Write the records out exactly as shown. No pictures.

**Exercise data:**
· · · · · · ·
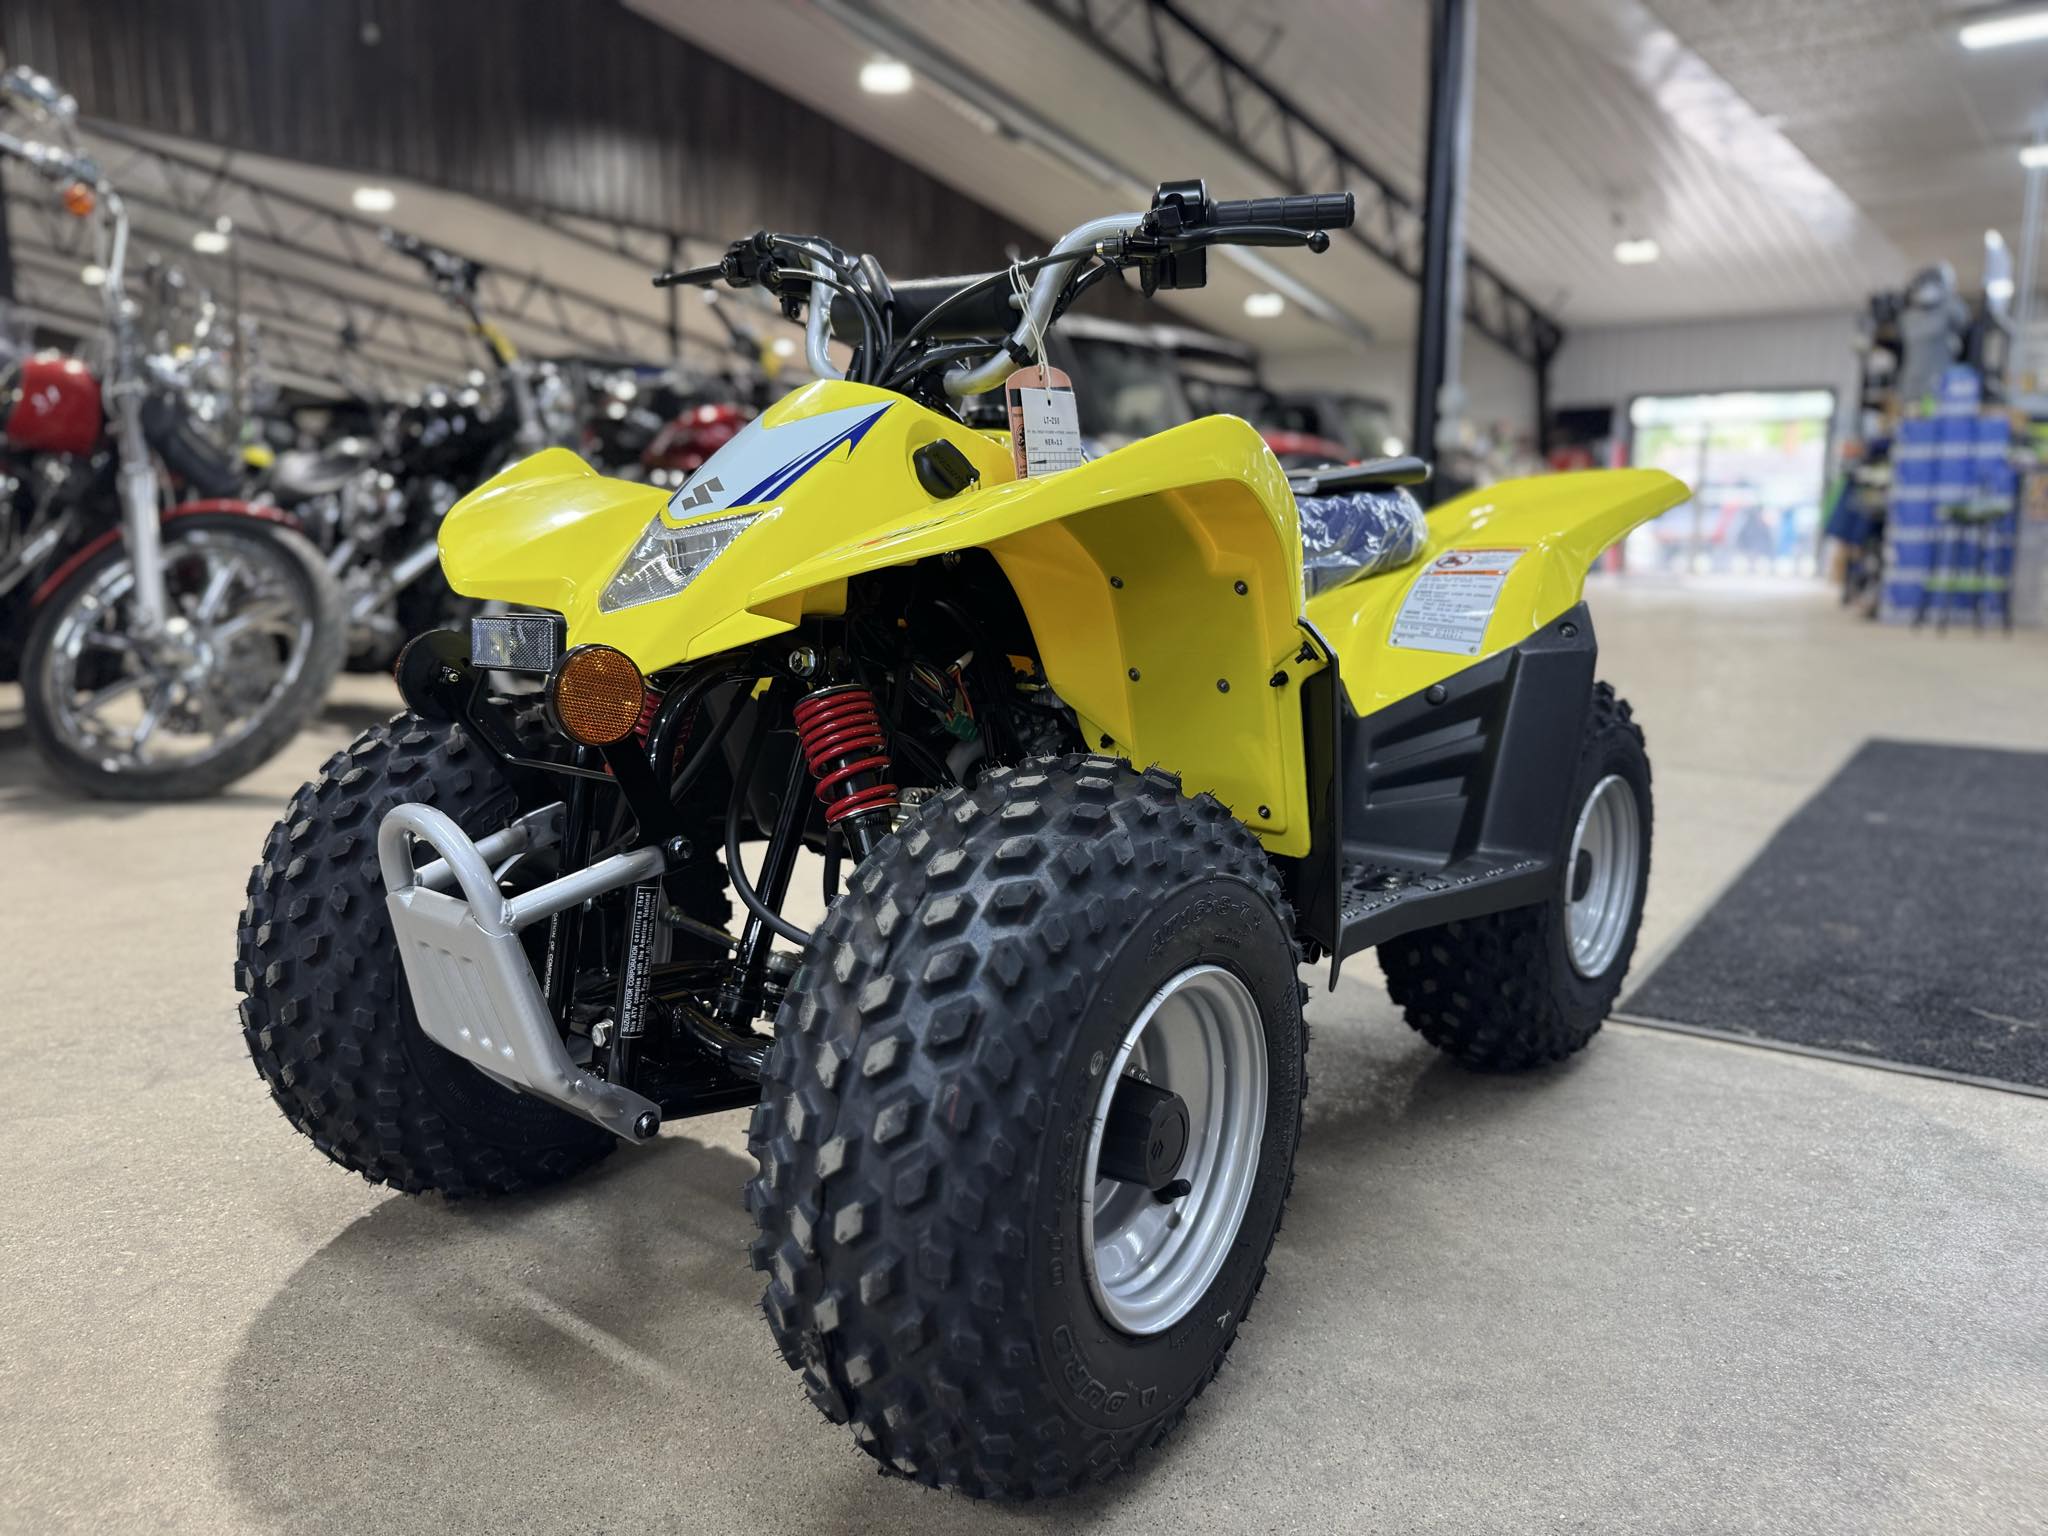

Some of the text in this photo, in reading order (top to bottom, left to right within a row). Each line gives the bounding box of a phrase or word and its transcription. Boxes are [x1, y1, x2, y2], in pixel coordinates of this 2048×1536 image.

[642, 892, 652, 918] National
[551, 912, 559, 938] CATION
[639, 920, 649, 949] American
[622, 892, 645, 1033] SUZUKI MOTOR CORPORATION certifies that
[638, 950, 646, 960] the
[544, 953, 554, 998] COMPLIANCE
[636, 962, 644, 975] with
[633, 977, 642, 1004] complies
[631, 1006, 639, 1019] ATV
· · · · · · ·
**Task result:**
Some of the text in this photo, in reading order (top to bottom, left to right within a row). Each line gives the bounding box of a phrase or word and its transcription. Boxes are [x1, y1, x2, y2], in pixel coordinates of this 2048×1536 image.

[642, 892, 652, 918] National
[551, 912, 559, 938] CATION
[639, 920, 649, 949] American
[622, 892, 645, 1033] SUZUKI MOTOR CORPORATION certifies that
[638, 950, 646, 960] the
[544, 953, 554, 998] COMPLIANCE
[636, 962, 644, 975] with
[633, 977, 642, 1004] complies
[631, 1006, 639, 1019] ATV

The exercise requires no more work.